[SOURCE DATA]:

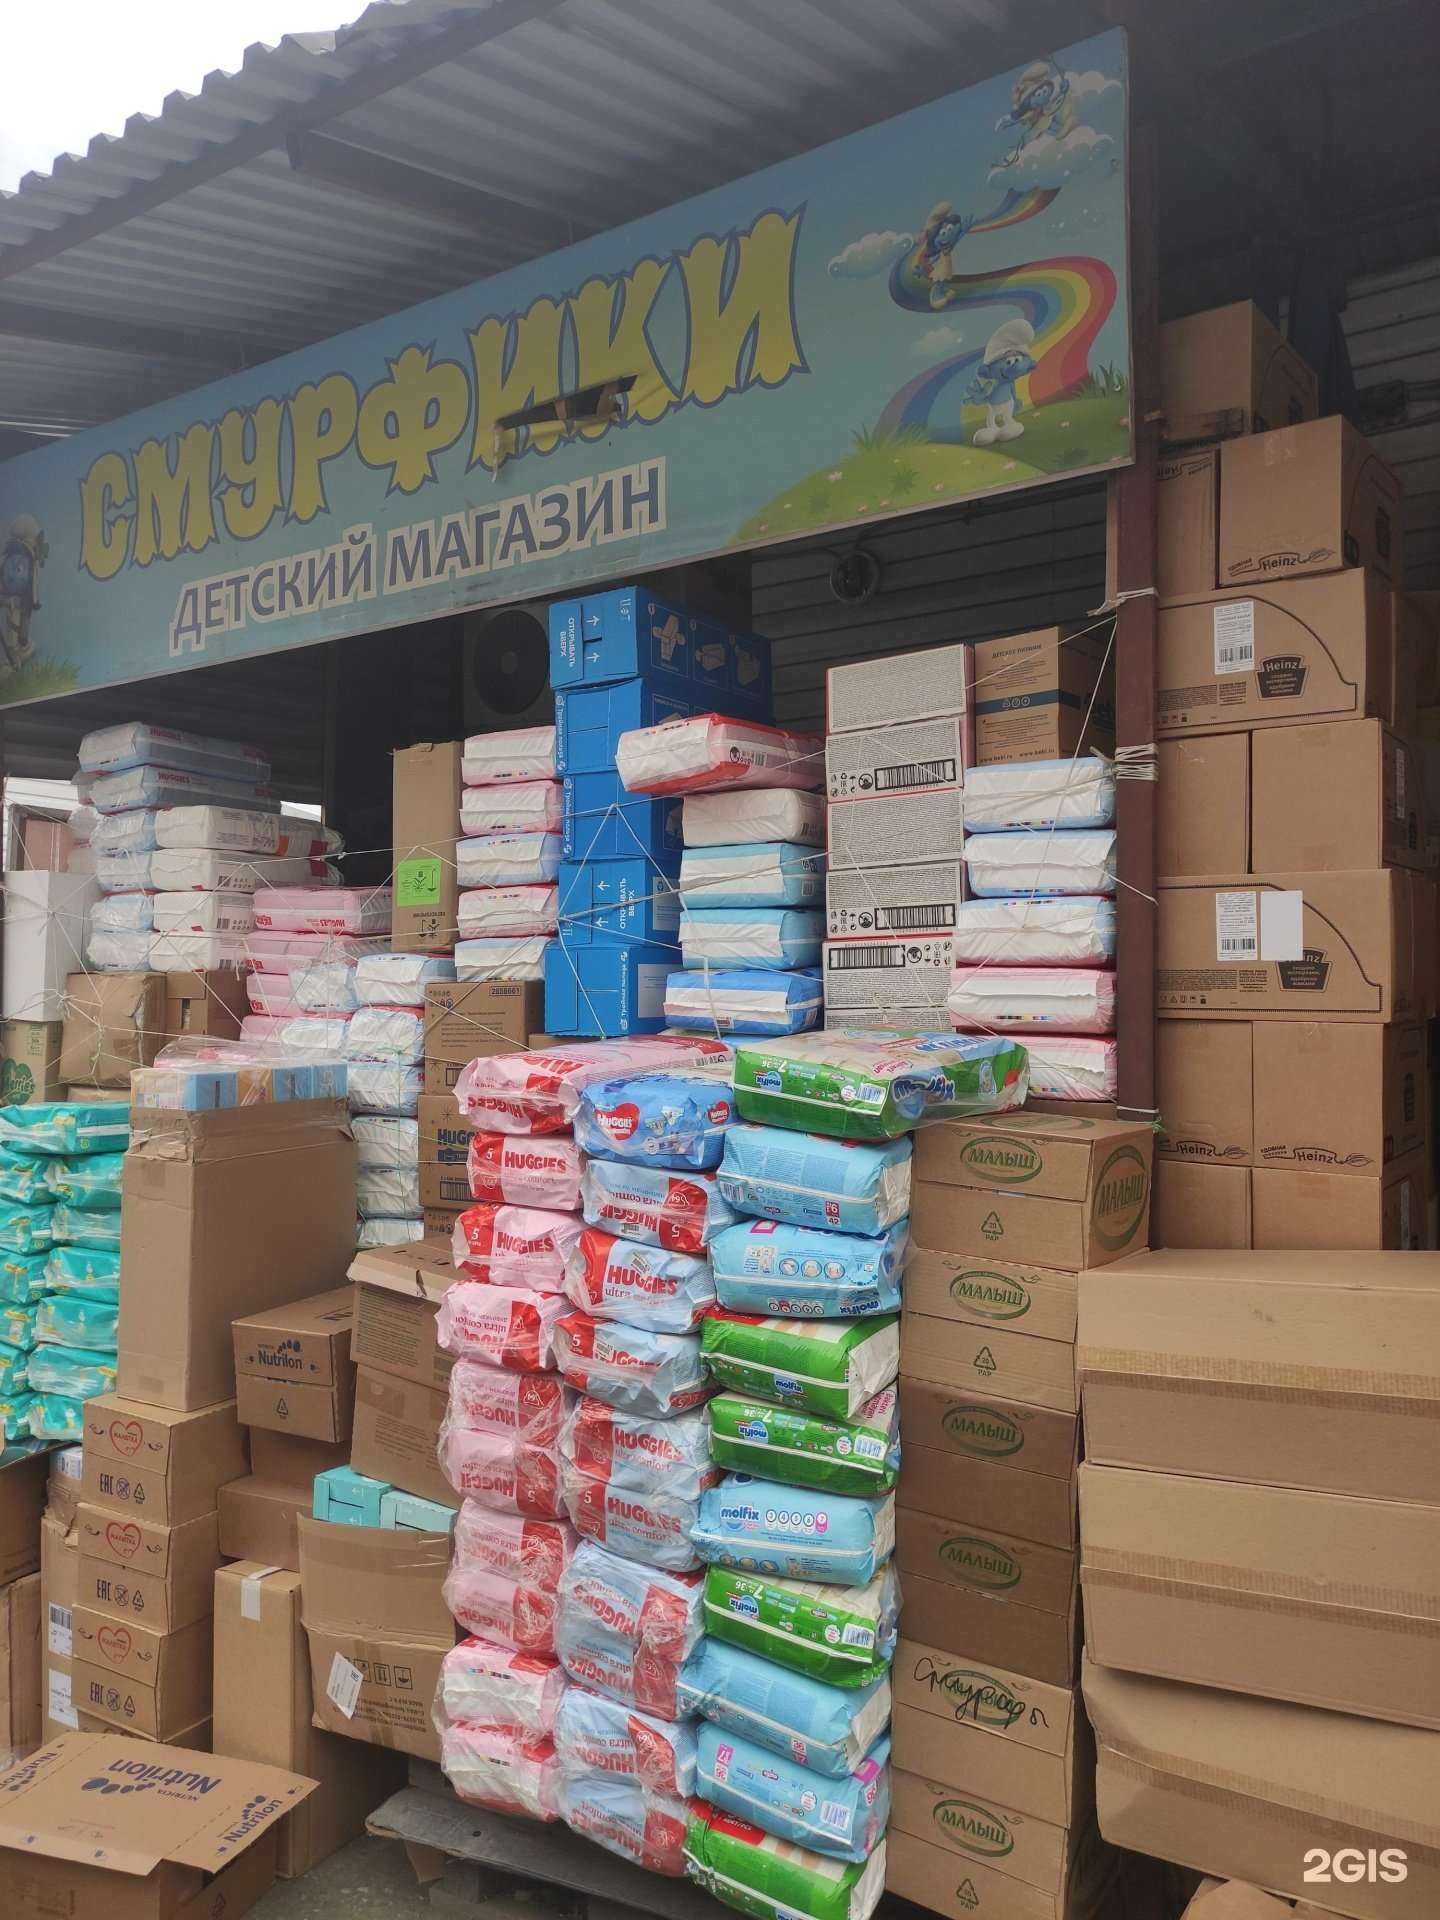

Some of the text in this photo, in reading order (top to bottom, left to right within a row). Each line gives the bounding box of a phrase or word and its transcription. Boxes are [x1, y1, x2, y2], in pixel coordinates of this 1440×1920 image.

[79, 201, 810, 579] СМУРФИКИ
[171, 465, 660, 651] ДЕТСКИЙ МАГАЗИН
[1262, 556, 1297, 571] Heinz
[1265, 660, 1299, 673] Heinz
[757, 1076, 782, 1089] molfix
[486, 1147, 494, 1160] 5
[968, 1147, 1037, 1170] МАЛЫШ
[1180, 1143, 1214, 1157] Heinz
[1296, 1150, 1334, 1164] Heinz
[504, 1151, 567, 1174] HUGGIES
[1098, 1174, 1147, 1218] МАЛЫШ
[471, 1227, 480, 1241] 5
[671, 1224, 680, 1239] 5
[496, 1230, 555, 1254] HUGGIES
[606, 1264, 678, 1296] HUGGIES
[958, 1282, 1024, 1307] МАЛЫШ
[572, 1333, 581, 1347] 5
[256, 1348, 304, 1370] Nutrilon
[775, 1379, 803, 1392] molfix
[738, 1425, 768, 1439] molfix
[951, 1416, 1017, 1443] МАЛЫШ
[583, 1490, 593, 1504] 5
[720, 1505, 760, 1522] molfix
[948, 1547, 1013, 1577] МАЛЫШ
[729, 1598, 758, 1614] molfix
[109, 1758, 222, 1795] Nutrilon
[157, 1788, 199, 1802] NUTRICIA
[224, 1798, 283, 1843] Nutrilon
[941, 1808, 1006, 1845] МАЛЫШ

[WORK INSTRUCTIONS]:
Aside from its pictures, the listing must be given again in full, exactly as it appears.

[EXERCISE ANSWER]:
Some of the text in this photo, in reading order (top to bottom, left to right within a row). Each line gives the bounding box of a phrase or word and its transcription. Boxes are [x1, y1, x2, y2], in pixel coordinates of this 1440×1920 image.

[79, 201, 810, 579] СМУРФИКИ
[171, 465, 660, 651] ДЕТСКИЙ МАГАЗИН
[1262, 556, 1297, 571] Heinz
[1265, 660, 1299, 673] Heinz
[757, 1076, 782, 1089] molfix
[486, 1147, 494, 1160] 5
[968, 1147, 1037, 1170] МАЛЫШ
[1180, 1143, 1214, 1157] Heinz
[1296, 1150, 1334, 1164] Heinz
[504, 1151, 567, 1174] HUGGIES
[1098, 1174, 1147, 1218] МАЛЫШ
[471, 1227, 480, 1241] 5
[671, 1224, 680, 1239] 5
[496, 1230, 555, 1254] HUGGIES
[606, 1264, 678, 1296] HUGGIES
[958, 1282, 1024, 1307] МАЛЫШ
[572, 1333, 581, 1347] 5
[256, 1348, 304, 1370] Nutrilon
[775, 1379, 803, 1392] molfix
[738, 1425, 768, 1439] molfix
[951, 1416, 1017, 1443] МАЛЫШ
[583, 1490, 593, 1504] 5
[720, 1505, 760, 1522] molfix
[948, 1547, 1013, 1577] МАЛЫШ
[729, 1598, 758, 1614] molfix
[109, 1758, 222, 1795] Nutrilon
[157, 1788, 199, 1802] NUTRICIA
[224, 1798, 283, 1843] Nutrilon
[941, 1808, 1006, 1845] МАЛЫШ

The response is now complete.